Friday, April 14, 2017

Populism and the economic laws of not following budget constraints


There has been a tremendous amount of talk concerning populism and politics, but for investors, the focus still has to be on the economic and market impact of these movements. Discount the news headline and rhetoric and focus on the potential market impact. Still, a good definition for populism is necessary for building a framework to determine risks.

So what is populism from the perspective of an economist? Populism, according to Sebastian Edwards and Rudi Dornbusch, two leading economists who have written on the topic more than two decades ago, is "an approach to economics that emphasizes growth and income distribution and deemphasizes the risks of inflation, external constraints, and the reaction of economic agents to aggressive non-market policies". The euphoria of any populist change must be tempered by the reality that there are limits to change. The risk is whether reality will temper behavior or whether extremism will lead to a crisis.

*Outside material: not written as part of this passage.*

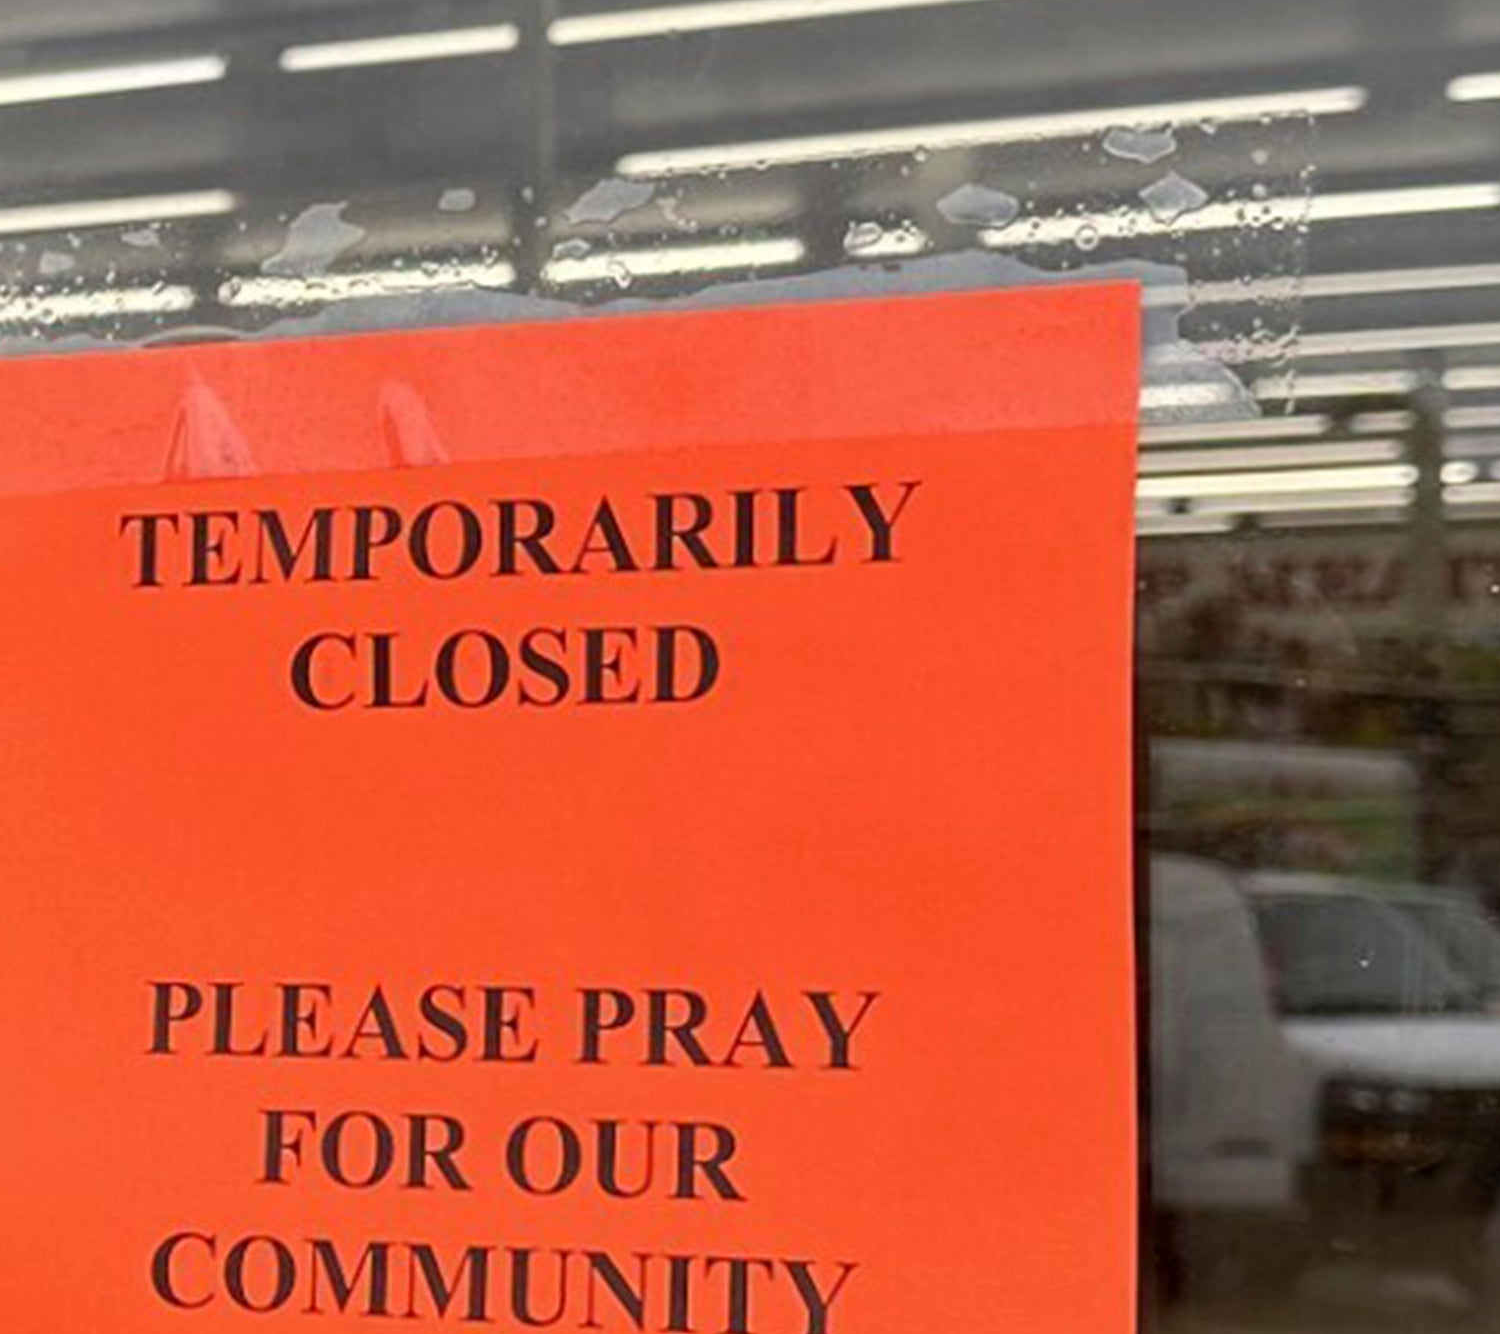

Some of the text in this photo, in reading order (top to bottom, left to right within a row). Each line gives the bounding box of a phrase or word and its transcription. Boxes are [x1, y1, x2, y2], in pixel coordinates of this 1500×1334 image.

The reality of not following budget constraints and not using existing institutions is what defines populism for economics. This applies to both left-wing or right-wing populist upheavals. Current institutions and budget constraints should temper extremes in government and thus in populism. A populist government often begins as one that upends existing institutions and does not feel constrained by budgets and thus creates the potential for economic dislocations. The question is how far will this upheaval go and how much stress will be placed on the economy.

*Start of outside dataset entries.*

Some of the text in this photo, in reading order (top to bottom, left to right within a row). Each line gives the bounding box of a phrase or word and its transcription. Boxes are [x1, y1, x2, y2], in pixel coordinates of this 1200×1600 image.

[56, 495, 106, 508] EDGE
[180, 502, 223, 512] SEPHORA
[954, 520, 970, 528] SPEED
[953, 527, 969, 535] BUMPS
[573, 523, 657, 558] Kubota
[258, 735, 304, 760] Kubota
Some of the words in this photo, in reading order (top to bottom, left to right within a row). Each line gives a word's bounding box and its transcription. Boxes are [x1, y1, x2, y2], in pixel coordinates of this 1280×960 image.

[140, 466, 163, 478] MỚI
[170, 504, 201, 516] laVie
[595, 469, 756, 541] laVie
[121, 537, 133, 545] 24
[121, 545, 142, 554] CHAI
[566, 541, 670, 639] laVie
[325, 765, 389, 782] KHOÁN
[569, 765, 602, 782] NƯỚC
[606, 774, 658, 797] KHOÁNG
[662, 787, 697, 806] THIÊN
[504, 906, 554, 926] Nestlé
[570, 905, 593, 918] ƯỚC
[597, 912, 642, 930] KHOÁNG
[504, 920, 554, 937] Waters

From an investor's perspective, it is important not to follow the rhetoric follow how budget constraints will be placed under stress and potentially broken. This is a risk that has to be assessed but often ignored. If the government tempers its behavior and stay within constraints, there is the potential for markets to remain relatively stable. If there is pressure to break institutions and budget constraint, there is the potential for large market dislocations. This is why we have focused on the two tailed risks of extremes at the beginning of the year.

Some of the political extremism has dissipated since January, but given the potential risk, we would argue that both left and right tail-risk exposure management makes sense. There is value in divergent hedge fund strategies that will make money if there is movement to market extremes. These are priced low given the current low market volatility.